(Collected data entries)
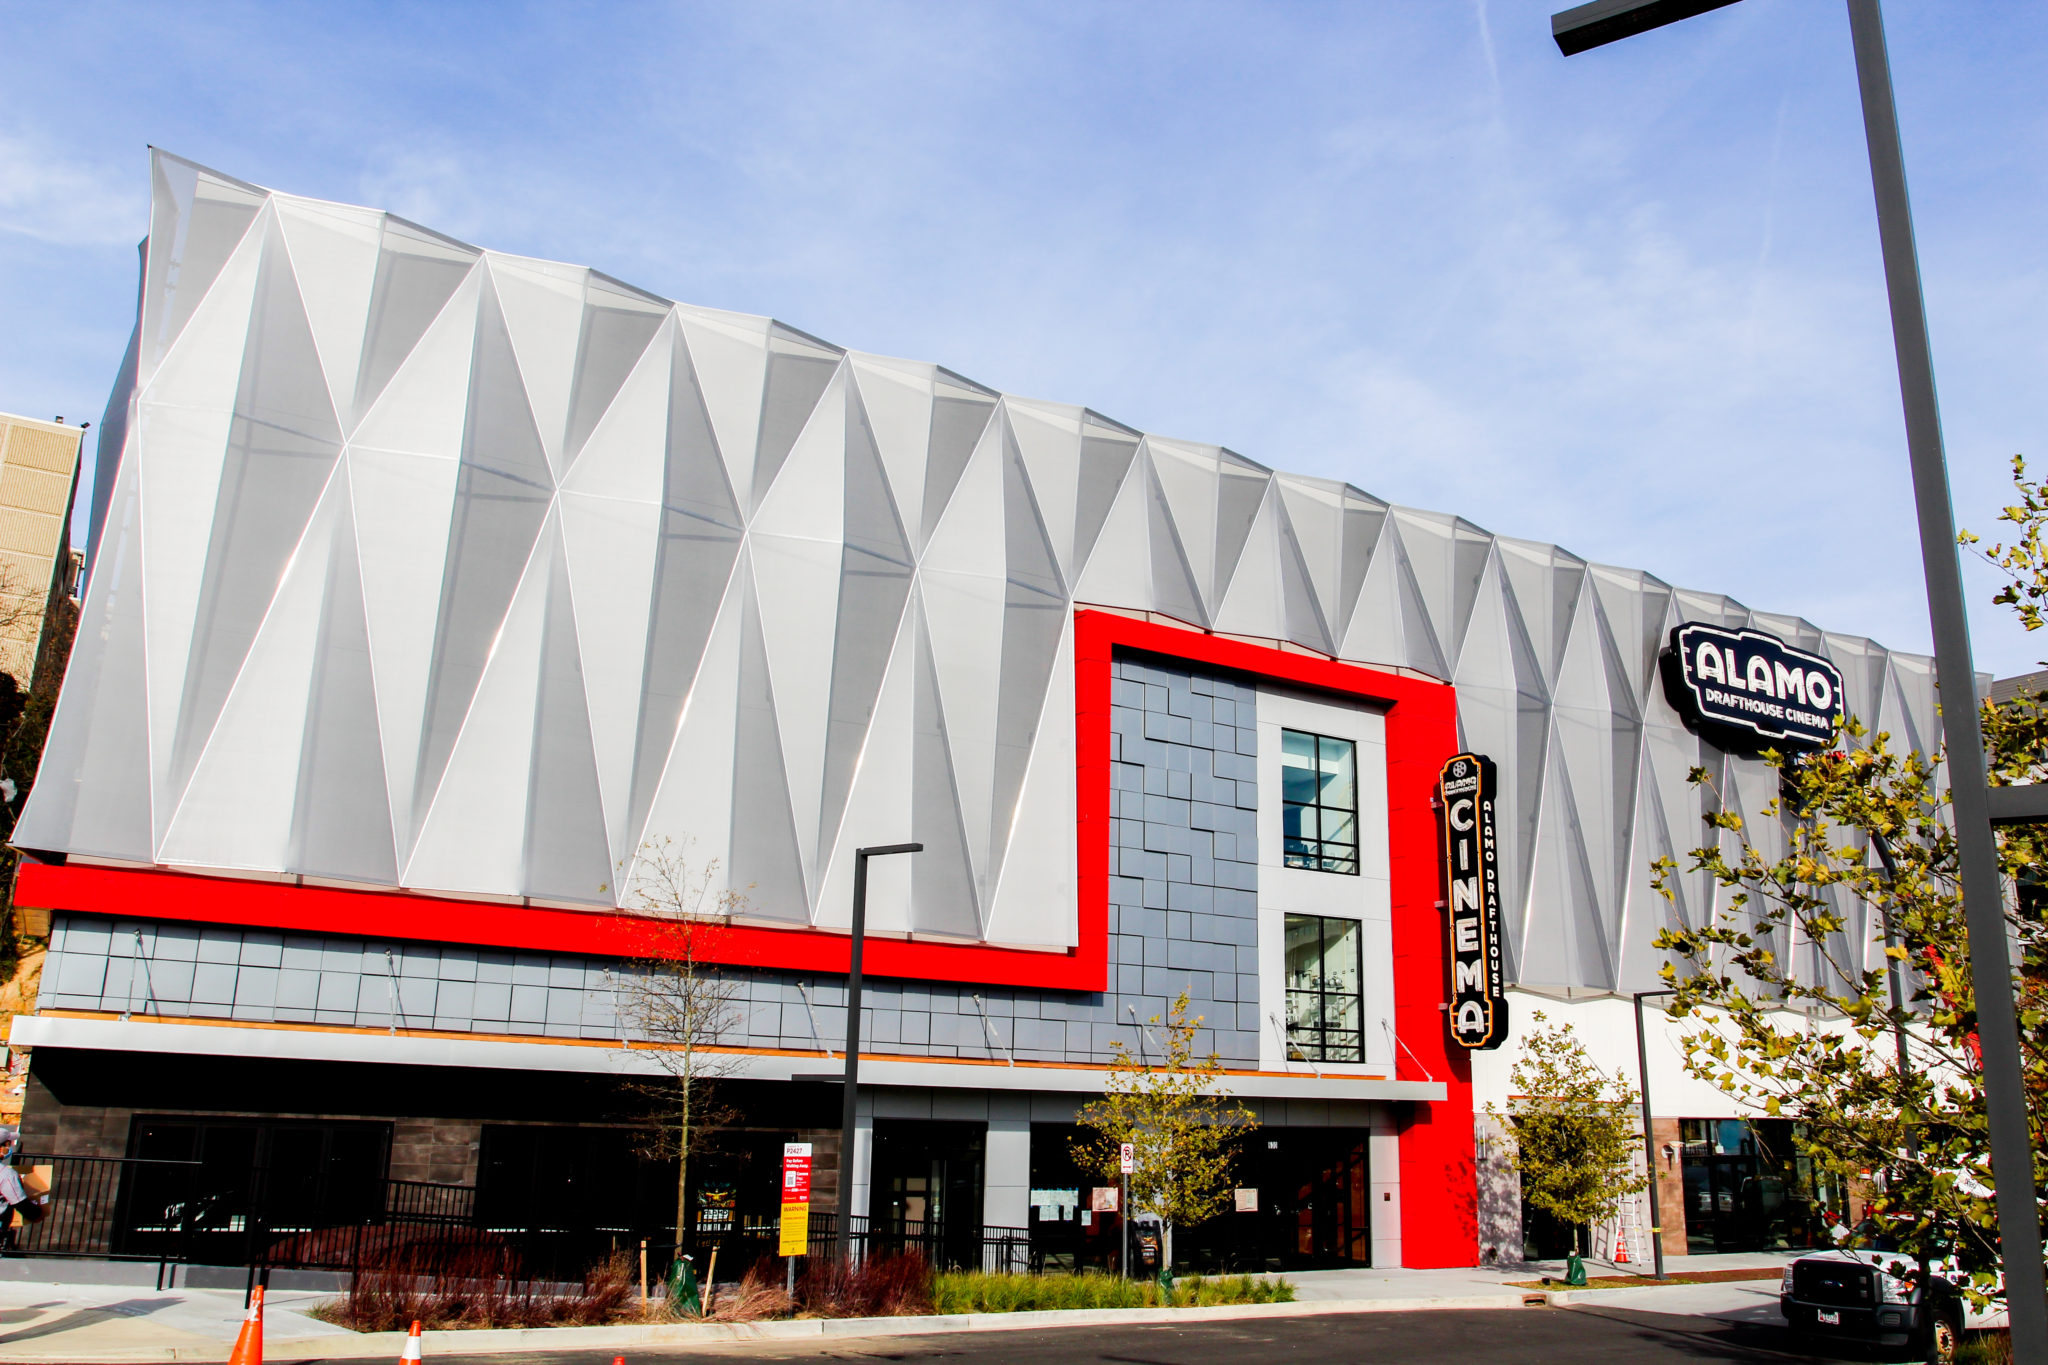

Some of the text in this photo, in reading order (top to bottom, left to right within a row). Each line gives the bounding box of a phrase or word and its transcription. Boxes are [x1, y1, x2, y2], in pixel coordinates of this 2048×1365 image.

[1696, 641, 1832, 710] ALAMO
[1705, 688, 1830, 730] DRAFTHOUSE CINEMA
[1444, 776, 1476, 790] ALAMO
[1449, 799, 1485, 1034] CINEMA
[1483, 801, 1500, 998] ALAMO DRAFTHOUSE

> _PROBLEM DESCRIPTION_
A faithful, word-for-word copy of the data is needed; the pictures should not appear in it.

> _REPLY_
Some of the text in this photo, in reading order (top to bottom, left to right within a row). Each line gives the bounding box of a phrase or word and its transcription. Boxes are [x1, y1, x2, y2], in pixel coordinates of this 2048×1365 image.

[1696, 641, 1832, 710] ALAMO
[1705, 688, 1830, 730] DRAFTHOUSE CINEMA
[1444, 776, 1476, 790] ALAMO
[1449, 799, 1485, 1034] CINEMA
[1483, 801, 1500, 998] ALAMO DRAFTHOUSE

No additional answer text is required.